**Extracted data**.

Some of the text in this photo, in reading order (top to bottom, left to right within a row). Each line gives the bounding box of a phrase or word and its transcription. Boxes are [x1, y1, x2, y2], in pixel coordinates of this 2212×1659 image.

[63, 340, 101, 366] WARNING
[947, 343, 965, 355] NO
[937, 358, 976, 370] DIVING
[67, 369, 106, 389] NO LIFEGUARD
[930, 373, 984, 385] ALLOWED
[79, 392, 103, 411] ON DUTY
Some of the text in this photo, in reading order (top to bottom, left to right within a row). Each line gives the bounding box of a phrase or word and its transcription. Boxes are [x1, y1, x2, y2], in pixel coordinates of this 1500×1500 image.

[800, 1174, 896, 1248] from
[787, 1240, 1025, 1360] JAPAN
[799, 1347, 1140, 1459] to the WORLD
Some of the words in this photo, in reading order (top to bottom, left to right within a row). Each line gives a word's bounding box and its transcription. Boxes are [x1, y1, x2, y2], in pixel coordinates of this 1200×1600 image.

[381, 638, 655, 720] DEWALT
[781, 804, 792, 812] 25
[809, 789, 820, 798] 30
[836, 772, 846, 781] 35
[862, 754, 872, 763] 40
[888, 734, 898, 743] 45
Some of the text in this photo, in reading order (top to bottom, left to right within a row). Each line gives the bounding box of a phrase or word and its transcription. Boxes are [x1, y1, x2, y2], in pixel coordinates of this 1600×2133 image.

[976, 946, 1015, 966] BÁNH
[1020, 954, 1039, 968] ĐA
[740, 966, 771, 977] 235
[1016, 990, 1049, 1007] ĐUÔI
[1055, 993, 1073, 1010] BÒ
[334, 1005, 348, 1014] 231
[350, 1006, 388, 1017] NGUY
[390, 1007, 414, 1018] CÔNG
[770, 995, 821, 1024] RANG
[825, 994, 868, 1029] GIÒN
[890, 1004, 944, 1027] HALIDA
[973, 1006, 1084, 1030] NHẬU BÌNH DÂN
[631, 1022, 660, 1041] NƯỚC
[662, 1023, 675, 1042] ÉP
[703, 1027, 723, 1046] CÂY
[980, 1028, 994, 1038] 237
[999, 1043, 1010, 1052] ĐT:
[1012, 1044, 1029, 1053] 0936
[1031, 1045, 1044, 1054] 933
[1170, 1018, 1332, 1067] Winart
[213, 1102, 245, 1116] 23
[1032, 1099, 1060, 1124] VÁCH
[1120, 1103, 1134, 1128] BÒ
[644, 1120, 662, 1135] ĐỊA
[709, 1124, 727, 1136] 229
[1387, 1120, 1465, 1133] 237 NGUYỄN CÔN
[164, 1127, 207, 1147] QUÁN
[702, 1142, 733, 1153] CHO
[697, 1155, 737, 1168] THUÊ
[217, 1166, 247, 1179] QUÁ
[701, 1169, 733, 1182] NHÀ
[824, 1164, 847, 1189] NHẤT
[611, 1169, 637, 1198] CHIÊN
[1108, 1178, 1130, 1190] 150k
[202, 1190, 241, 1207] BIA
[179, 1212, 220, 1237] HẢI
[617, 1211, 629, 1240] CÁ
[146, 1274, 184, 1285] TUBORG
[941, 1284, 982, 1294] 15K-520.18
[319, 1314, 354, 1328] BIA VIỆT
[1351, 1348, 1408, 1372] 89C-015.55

**Work request**.
All of the material is to be copied word for word.

**Solved problem**.
Some of the text in this photo, in reading order (top to bottom, left to right within a row). Each line gives the bounding box of a phrase or word and its transcription. Boxes are [x1, y1, x2, y2], in pixel coordinates of this 2212×1659 image.

[63, 340, 101, 366] WARNING
[947, 343, 965, 355] NO
[937, 358, 976, 370] DIVING
[67, 369, 106, 389] NO LIFEGUARD
[930, 373, 984, 385] ALLOWED
[79, 392, 103, 411] ON DUTY
Some of the text in this photo, in reading order (top to bottom, left to right within a row). Each line gives the bounding box of a phrase or word and its transcription. Boxes are [x1, y1, x2, y2], in pixel coordinates of this 1500×1500 image.

[800, 1174, 896, 1248] from
[787, 1240, 1025, 1360] JAPAN
[799, 1347, 1140, 1459] to the WORLD
Some of the words in this photo, in reading order (top to bottom, left to right within a row). Each line gives a word's bounding box and its transcription. Boxes are [x1, y1, x2, y2], in pixel coordinates of this 1200×1600 image.

[381, 638, 655, 720] DEWALT
[781, 804, 792, 812] 25
[809, 789, 820, 798] 30
[836, 772, 846, 781] 35
[862, 754, 872, 763] 40
[888, 734, 898, 743] 45
Some of the text in this photo, in reading order (top to bottom, left to right within a row). Each line gives the bounding box of a phrase or word and its transcription. Boxes are [x1, y1, x2, y2], in pixel coordinates of this 1600×2133 image.

[976, 946, 1015, 966] BÁNH
[1020, 954, 1039, 968] ĐA
[740, 966, 771, 977] 235
[1016, 990, 1049, 1007] ĐUÔI
[1055, 993, 1073, 1010] BÒ
[334, 1005, 348, 1014] 231
[350, 1006, 388, 1017] NGUY
[390, 1007, 414, 1018] CÔNG
[770, 995, 821, 1024] RANG
[825, 994, 868, 1029] GIÒN
[890, 1004, 944, 1027] HALIDA
[973, 1006, 1084, 1030] NHẬU BÌNH DÂN
[631, 1022, 660, 1041] NƯỚC
[662, 1023, 675, 1042] ÉP
[703, 1027, 723, 1046] CÂY
[980, 1028, 994, 1038] 237
[999, 1043, 1010, 1052] ĐT:
[1012, 1044, 1029, 1053] 0936
[1031, 1045, 1044, 1054] 933
[1170, 1018, 1332, 1067] Winart
[213, 1102, 245, 1116] 23
[1032, 1099, 1060, 1124] VÁCH
[1120, 1103, 1134, 1128] BÒ
[644, 1120, 662, 1135] ĐỊA
[709, 1124, 727, 1136] 229
[1387, 1120, 1465, 1133] 237 NGUYỄN CÔN
[164, 1127, 207, 1147] QUÁN
[702, 1142, 733, 1153] CHO
[697, 1155, 737, 1168] THUÊ
[217, 1166, 247, 1179] QUÁ
[701, 1169, 733, 1182] NHÀ
[824, 1164, 847, 1189] NHẤT
[611, 1169, 637, 1198] CHIÊN
[1108, 1178, 1130, 1190] 150k
[202, 1190, 241, 1207] BIA
[179, 1212, 220, 1237] HẢI
[617, 1211, 629, 1240] CÁ
[146, 1274, 184, 1285] TUBORG
[941, 1284, 982, 1294] 15K-520.18
[319, 1314, 354, 1328] BIA VIỆT
[1351, 1348, 1408, 1372] 89C-015.55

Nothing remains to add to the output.